Automata Theory & FSMs // Megha Bose

Prerequisite: Think Like a Programmer

What Is a Finite Automaton?

A finite automaton is the simplest model of computation: a machine with a fixed, finite amount of memory. Despite their simplicity, finite automata underlie lexical analysis in every compiler, regular expression engines, and network packet filters. Understanding them precisely is the foundation for understanding the limits of computation.

Formally, a deterministic finite automaton (DFA) is a 5-tuple $M = (Q, \Sigma, \delta, q_0, F)$ where:

$Q$ is a finite set of states
$\Sigma$ is a finite input alphabet
$\delta: Q \times \Sigma \to Q$ is the transition function
$q_0 \in Q$ is the start state
$F \subseteq Q$ is the set of accept states

The machine reads an input string $w = w_1 w_2 \cdots w_n$ one symbol at a time.
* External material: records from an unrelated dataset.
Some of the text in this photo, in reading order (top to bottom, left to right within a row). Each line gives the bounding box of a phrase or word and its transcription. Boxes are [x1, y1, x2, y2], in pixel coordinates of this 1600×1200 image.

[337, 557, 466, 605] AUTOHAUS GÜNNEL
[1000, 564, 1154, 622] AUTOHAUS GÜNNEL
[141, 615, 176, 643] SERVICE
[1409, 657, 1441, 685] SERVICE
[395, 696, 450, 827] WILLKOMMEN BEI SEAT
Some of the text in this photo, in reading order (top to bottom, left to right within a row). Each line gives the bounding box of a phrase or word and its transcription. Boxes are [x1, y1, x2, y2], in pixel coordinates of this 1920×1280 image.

Starting in state $q_0$, after reading $w_i$ it moves to state $\delta(q, w_i)$ where $q$ is the current state. We extend $\delta$ to strings by defining $\hat{\delta}(q, \varepsilon) = q$ and $\hat{\delta}(q, wa) = \delta(\hat{\delta}(q, w), a)$. The language recognized by $M$ is:

$$L(M) = {w \in \Sigma^\ast : \hat{\delta}(q_0, w) \in F}$$

Nondeterministic Finite Automata

A nondeterministic finite automaton (NFA) relaxes the transition function to $\delta: Q \times \Sigma_\varepsilon \to \mathcal{P}(Q)$, where $\Sigma_\varepsilon = \Sigma \cup {\varepsilon}$ and $\mathcal{P}(Q)$ is the power set of $Q$. At each step the machine can move to any subset of states, and it also allows $\varepsilon$-transitions that consume no input. The NFA accepts if any computation path reaches an accept state.

This nondeterminism does not add computational power. The subset construction converts any NFA with $n$ states into an equivalent DFA.
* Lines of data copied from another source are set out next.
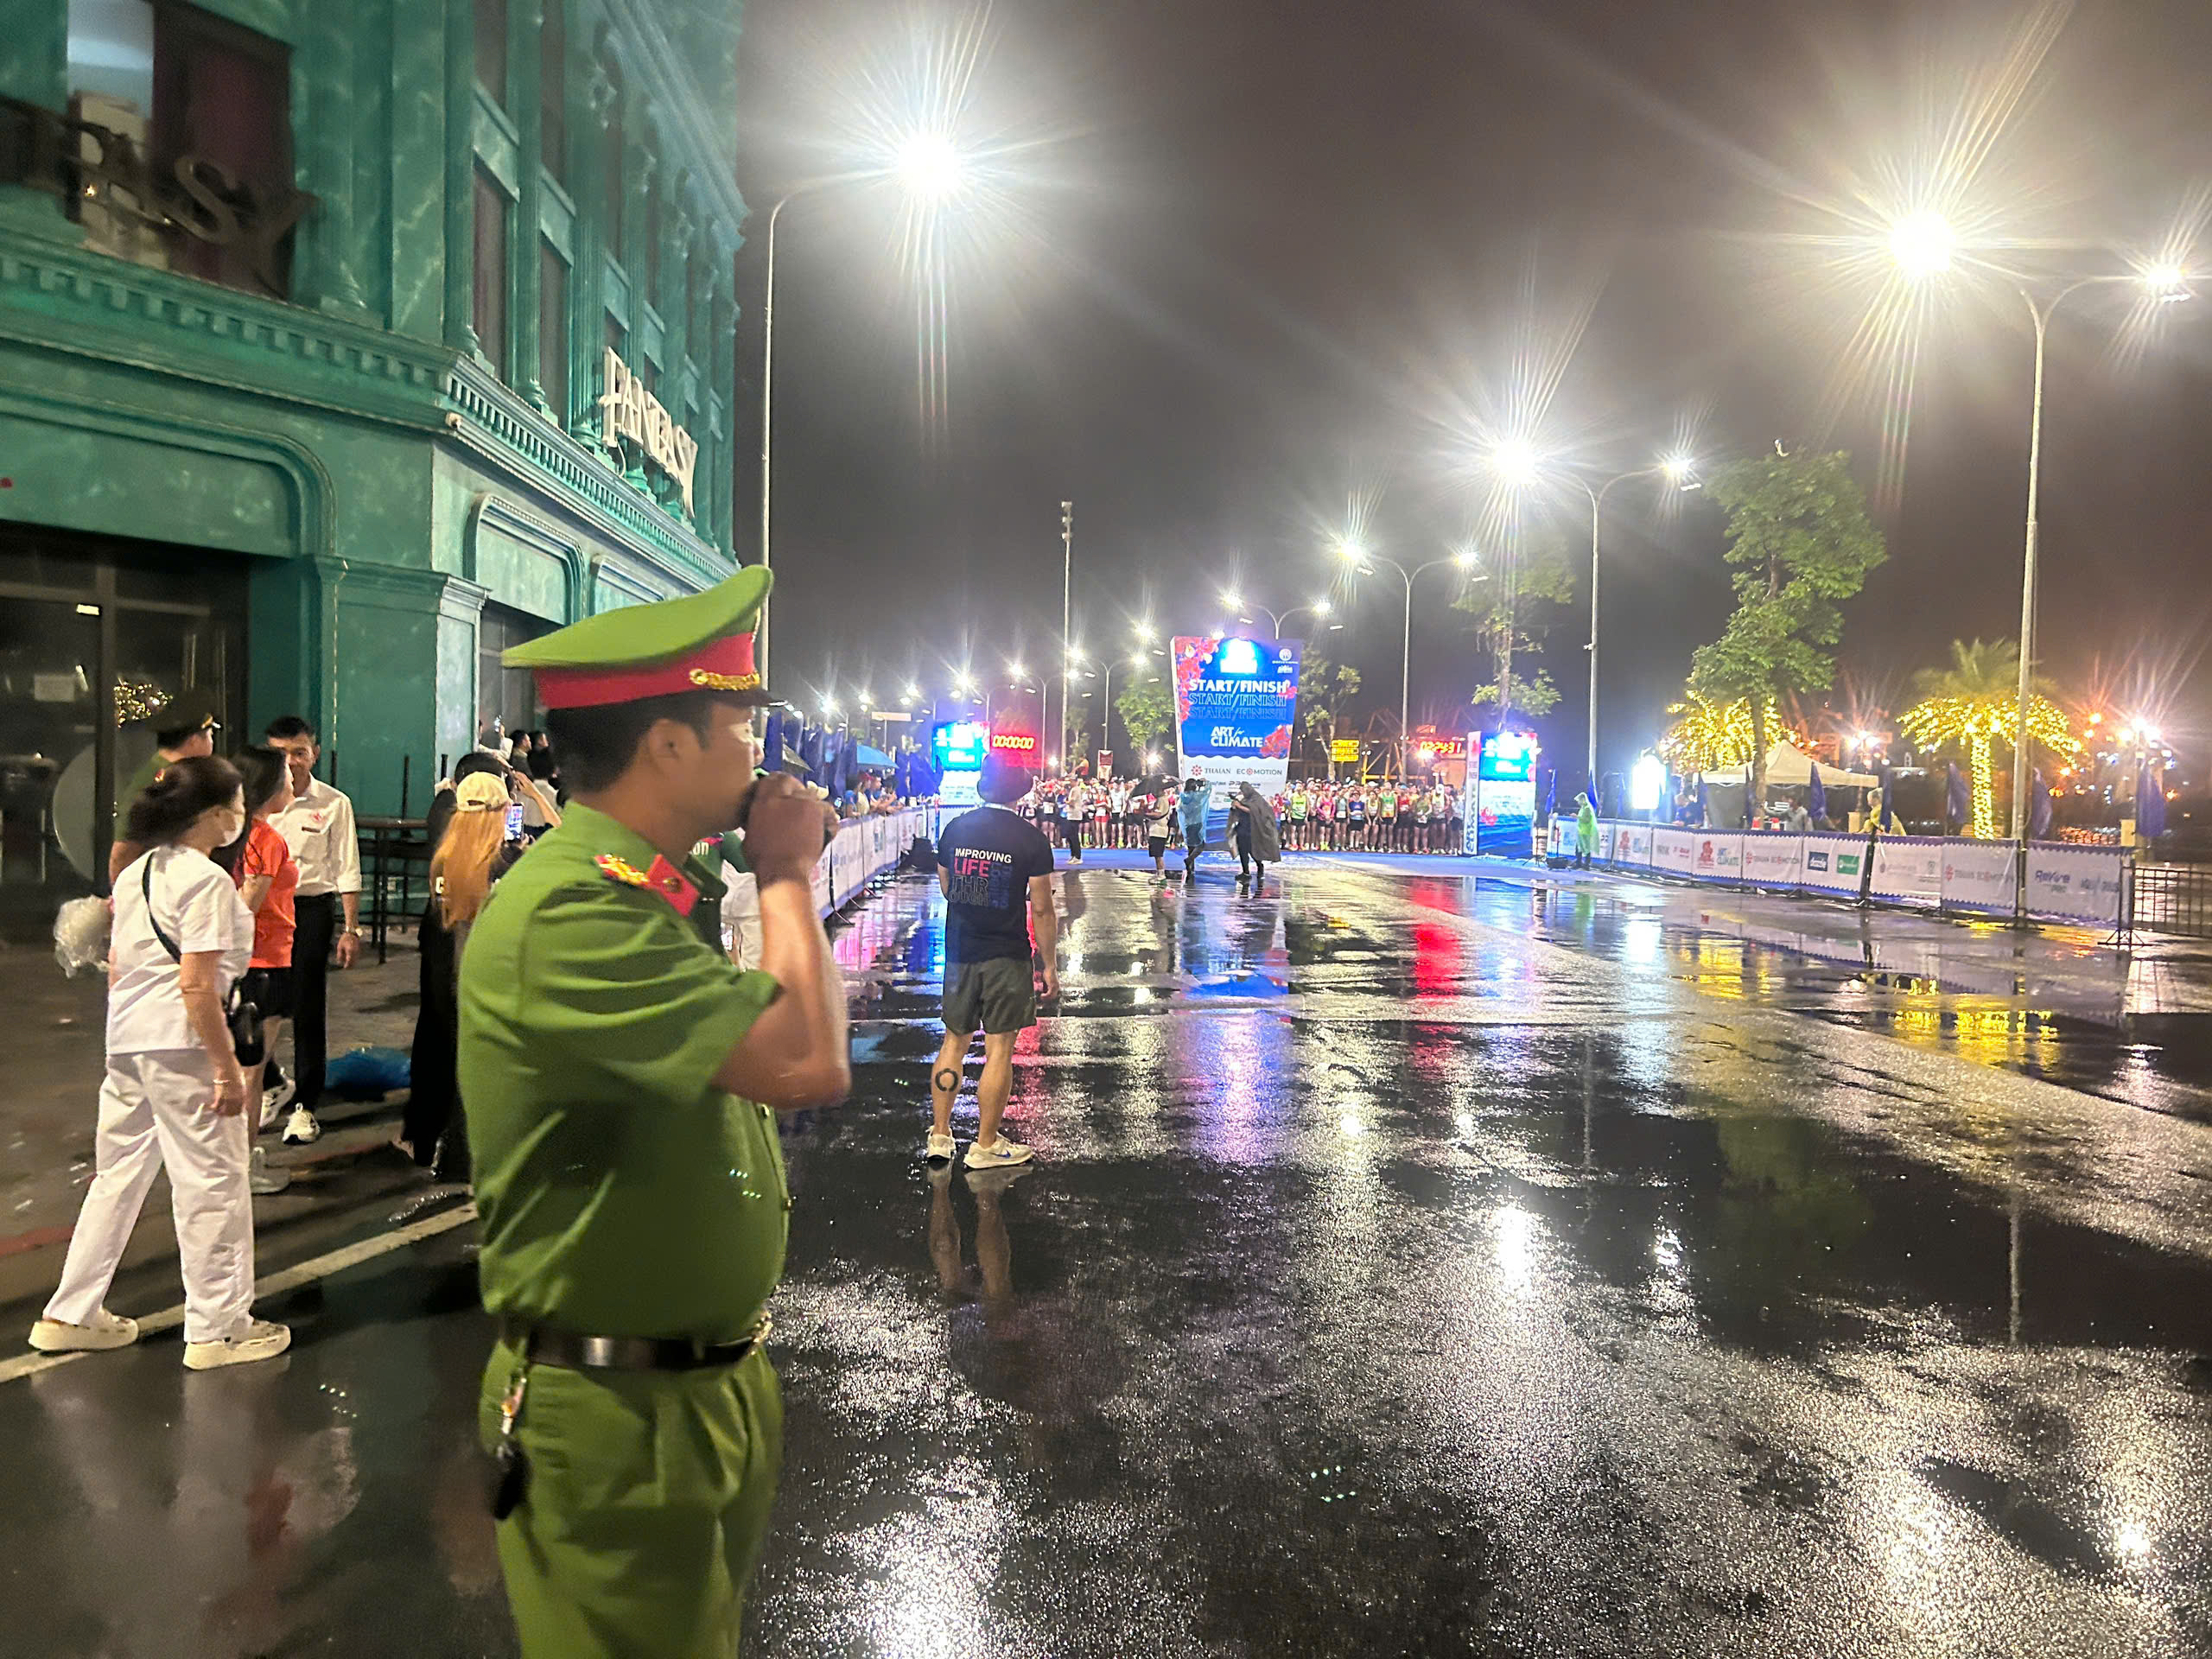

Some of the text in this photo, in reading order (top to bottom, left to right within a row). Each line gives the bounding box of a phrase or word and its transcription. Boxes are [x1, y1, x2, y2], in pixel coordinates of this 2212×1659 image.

[602, 346, 698, 518] FANTASY
[1188, 679, 1287, 695] START/FINISH
[1188, 693, 1287, 708] START/FINISH
[1211, 726, 1234, 737] ART
[992, 735, 1035, 750] 00:00:00
[1211, 737, 1263, 748] CLIMATE
[955, 848, 1012, 864] IMPROVING
[953, 857, 991, 878] LIFE
Subset construction. Given NFA $N = (Q, \Sigma, \delta, q_0, F)$, define DFA $M = (Q', \Sigma, \delta', q_0', F')$ where:

$Q' = \mathcal{P}(Q)$ (each DFA state is a set of NFA states)
$q_0' = \varepsilon\text{-closure}({q_0})$
$\delta'(R, a) = \varepsilon\text{-closure}!\left(\bigcup_{r \in R} \delta(r, a)\right)$
$F' = {R \in Q' : R \cap F \neq \emptyset}$

The worst case produces $2^n$ DFA states, and this is tight: there exist NFAs for which every equivalent DFA requires exponentially many states.

Regular Languages

The class of languages recognized by DFAs (equivalently, NFAs) is called the regular languages. This class is closed under the following operations, each provable by NFA construction:

Union. If $L_1, L_2$ are regular, so is $L_1 \cup L_2$. Proof: create a new start state with $\varepsilon$-transitions to the start states of both automata.

Concatenation. If $L_1, L_2$ are regular, so is $L_1 \circ L_2$. Proof: add $\varepsilon$-transitions from every accept state of the first NFA to the start state of the second.

Kleene star. If $L$ is regular, so is $L^\ast$. Proof: add a new accept start state with an $\varepsilon$-transition to the original start state, and add $\varepsilon$-transitions from all accept states back to the original start state.

Complement and intersection also preserve regularity, since DFAs can be complemented by swapping accept and non-accept states, and intersection follows from De Morgan’s law.

Kleene’s theorem states that the regular languages are exactly the languages described by regular expressions, where regular expressions are built from $\emptyset$, $\varepsilon$, single symbols, union $+$, concatenation, and star $*$.

The Pumping Lemma

To prove a language is not regular, we use the Pumping Lemma.

Theorem. If $L$ is a regular language, then there exists a pumping length $p \geq 1$ such that any string $w \in L$ with $|w| \geq p$ can be written as $w = xyz$ satisfying:

$|y| \geq 1$
$|xy| \leq p$
$xy^i z \in L$ for all $i \geq 0$

Proof sketch. Let $p = |Q|$. For any $w$ with $|w| \geq p$, the DFA visits at least $p+1$ states while processing $w$, so by the pigeonhole principle some state $q_j$ repeats. Let $y$ be the portion of $w$ that drives the DFA around this loop. Pumping $y$ any number of times traverses the same loop, staying in $L$.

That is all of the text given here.